ДГ. Или могильщиками?
БХ. Ну, это другой вопрос. Та эмиграция, к которой принадлежим мы, состоит из людей, воспитанных в Советском Союзе, людей, не чувствующих себя полностью оторвавшимися от страны. Многие из представителей этой третьей эмиграции склонны думать, что страна подпала под чье-то инородное или иноземное иго, но в сущности она там, а мы здесь только осколки и искры этой страны. Этого сознания особой избранности, сознания того, что ты привез, притащил с собой на плечах великое добро, наследие русское, великий багаж наследие русской культуры, русского духа, – это сознание не присуще современным изгнанникам. Я не знаю, хорошо это или плохо, это другой вопрос. Может быть, это и хорошо. Во всяком случае, их эмигрантское самочувствие качественно иное, чем у тех людей. Наконец, приходится признать, что по большей части это люди с довольно ограниченным культурным багажом. Я не хочу и, может быть, не имею права конкретно упрекать кого-нибудь или приводить примеры. Их более чем достаточно, к сожалению... Это люди, представляющие целую большую поросль, выросшую и воспитанную в изоляции. Это люди, для которых Западная Европа – не страна святых чудес, как ее когда-то называли в России, а чужбина в полном смысле слова. Какие-то чужие люди, чужие названия. Вещи, предметы, просто слова, которыми насыщена старая литература, эти священные пароли европейской культуры большинству людей нашей эмиграции чужды. Они им ничего не говорят. Это действительно результат жизни в большой стране, которая сама себя ощущает целым миром и которая в то же время является большой провинцией. Поэтому, скажем, знание языков в этой среде -редкость. С другой стороны, не редкость нежелание и неумение интересоваться окружающей жизнью. Множество людей продолжает жить в эмиграции так, как будто они живут на необитаемом острове, где они общаются только с себе подобными...

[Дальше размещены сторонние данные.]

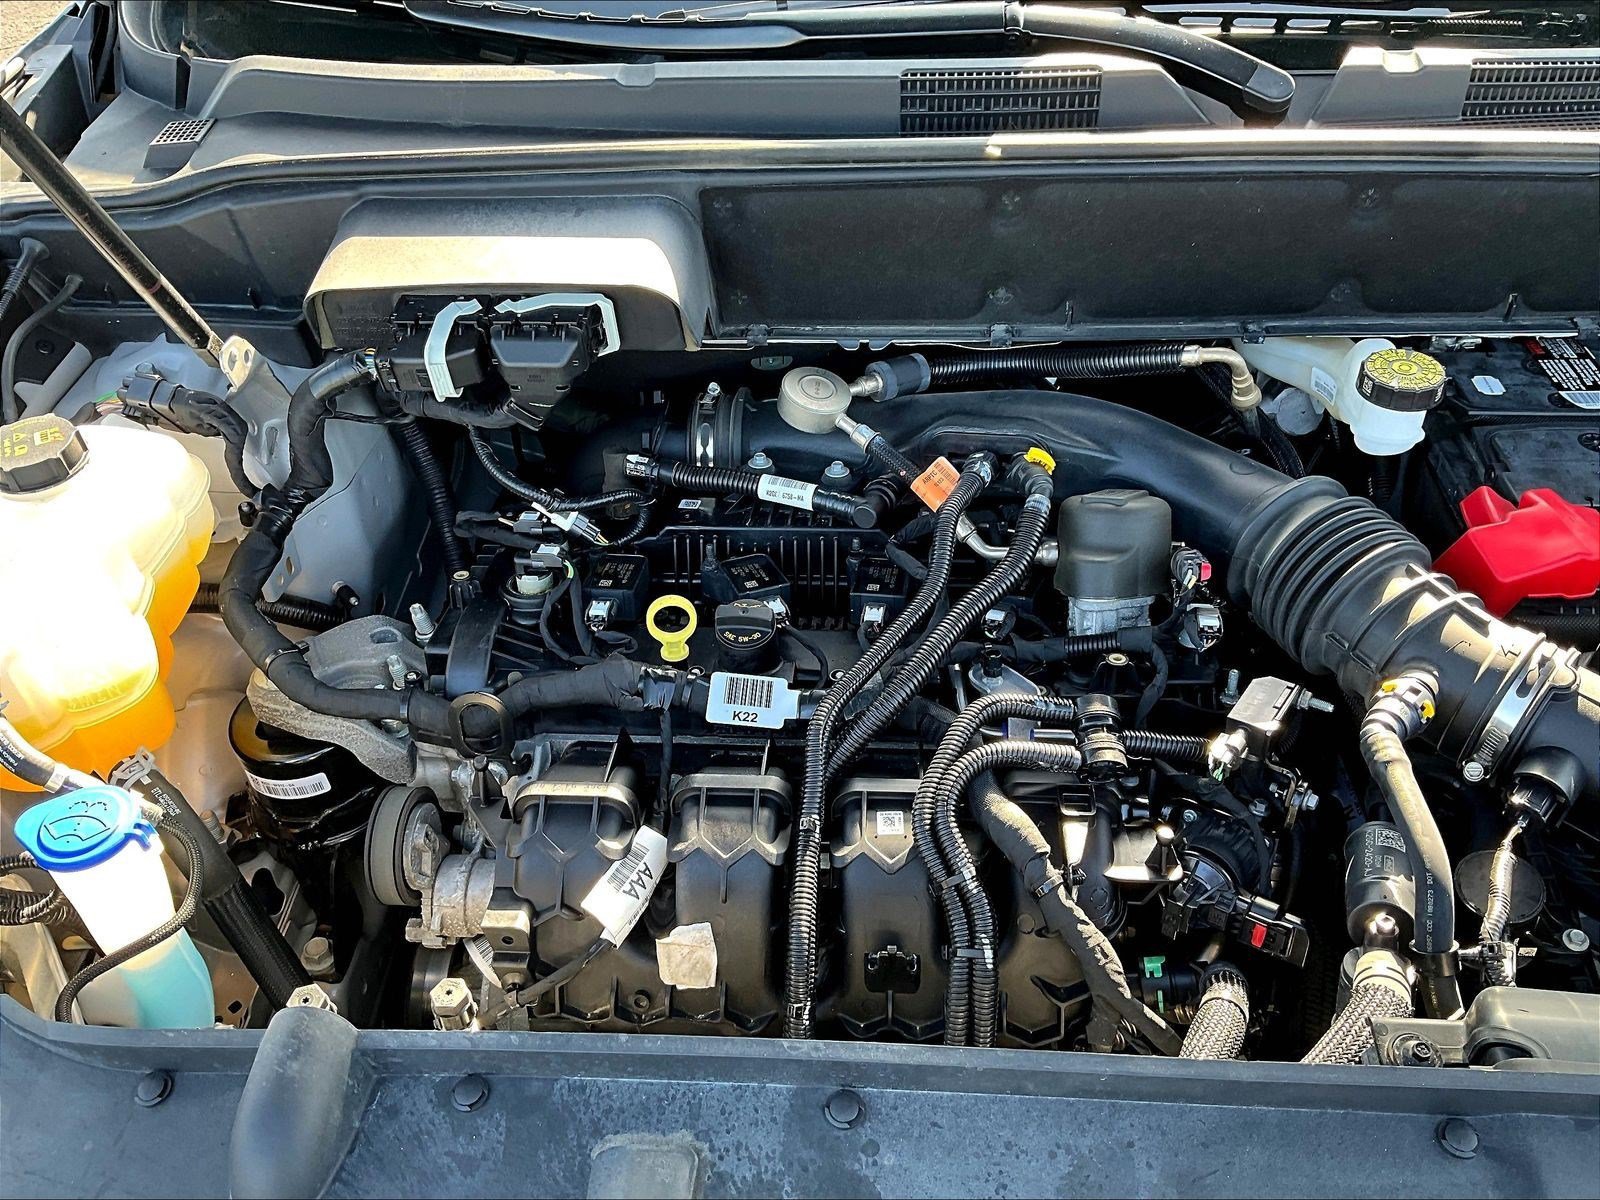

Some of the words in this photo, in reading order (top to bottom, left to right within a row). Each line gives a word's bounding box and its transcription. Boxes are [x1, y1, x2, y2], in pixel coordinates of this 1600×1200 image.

ДГ. Но разве первая волна этого не делала?
БХ. Нет, все-таки не так. Мне кажется, не так.
ДГ. Набоков, например, писал об этом.
БХ. Ну, может быть, действительно, может быть, вы и правы. Когда читаешь, например, историю немецкой эмиграции 20-х и 30-х годов, больше всего похожей на нашу эмиграцию, ибо мне кажется, что у нее больше общего с нынешними эмигрантами из России, такими, как мы, – больше, чем между нами и людьми 20-х годов, первой русской эмиграции, – когда читаешь эту историю, видишь почти то же самое. Они тоже говорят о немецком одиночестве в мире так, как мы говорили о русском одиночестве.
ДГ. Ну, все-таки в тот период – это с 34-го по 45-й год – уехало всего лишь около 150 немецких писателей...
БХ. Ну, да. Но уехал все-таки цвет литературы.
ДГ. Да, но в смысле численности и продолжительности...
БХ. Я понимаю, что нельзя ставить знак равенства между этими двумя эмиграциями. И все же по многим признакам – я бы мог сказать подробнее, но это, может быть, не относится к теме нашего разговора, -по многим признакам эта немецкая антифашистская эмиграция в самом деле похожа на русскую антисоветскую эмиграцию. Очевидно, так и надо называть эту эмиграцию третью волну. Это эмиграция, возникшая по очень отчетливым, политическим, главным образом, мотивам. Это люди, которые не могли... не могли жить в условиях этого режима.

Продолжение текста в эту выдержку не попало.